:: PROMPT ::
Please repeat the records exactly, keeping the pictures out.

EXTRACTED MATERIAL section start

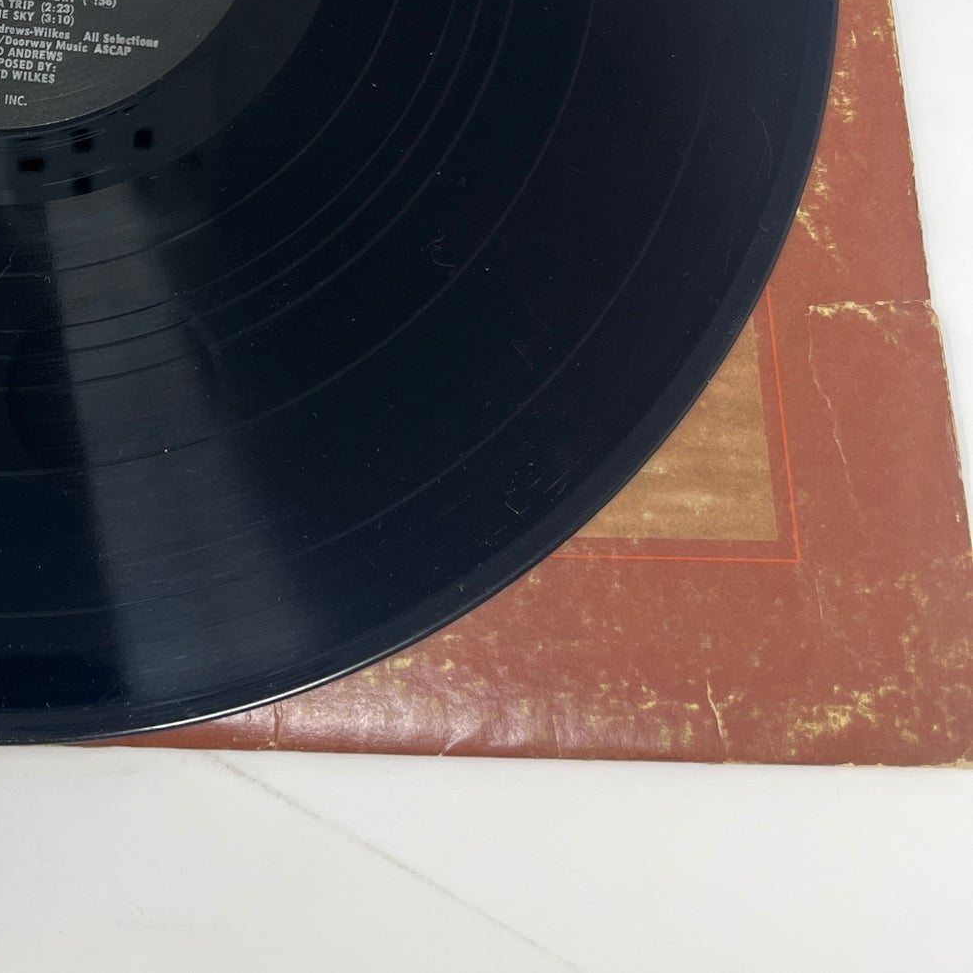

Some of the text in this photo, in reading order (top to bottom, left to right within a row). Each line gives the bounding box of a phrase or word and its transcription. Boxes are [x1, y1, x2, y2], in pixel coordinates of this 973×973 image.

[9, 0, 35, 9] TRIP
[41, 1, 75, 15] (2:23)
[13, 10, 35, 21] SKY
[41, 14, 75, 26] (3:10)
[83, 31, 99, 42] All
[103, 33, 159, 48] Selections
[8, 48, 63, 62] ANDREWS
[56, 41, 88, 52] Music
[94, 44, 131, 56] ASCAP
[38, 61, 56, 73] BY:
[12, 70, 55, 84] WILKES
[5, 95, 27, 106] INC.

EXTRACTED MATERIAL section end

:: REPLY ::
Some of the text in this photo, in reading order (top to bottom, left to right within a row). Each line gives the bounding box of a phrase or word and its transcription. Boxes are [x1, y1, x2, y2], in pixel coordinates of this 973×973 image.

[9, 0, 35, 9] TRIP
[41, 1, 75, 15] (2:23)
[13, 10, 35, 21] SKY
[41, 14, 75, 26] (3:10)
[83, 31, 99, 42] All
[103, 33, 159, 48] Selections
[8, 48, 63, 62] ANDREWS
[56, 41, 88, 52] Music
[94, 44, 131, 56] ASCAP
[38, 61, 56, 73] BY:
[12, 70, 55, 84] WILKES
[5, 95, 27, 106] INC.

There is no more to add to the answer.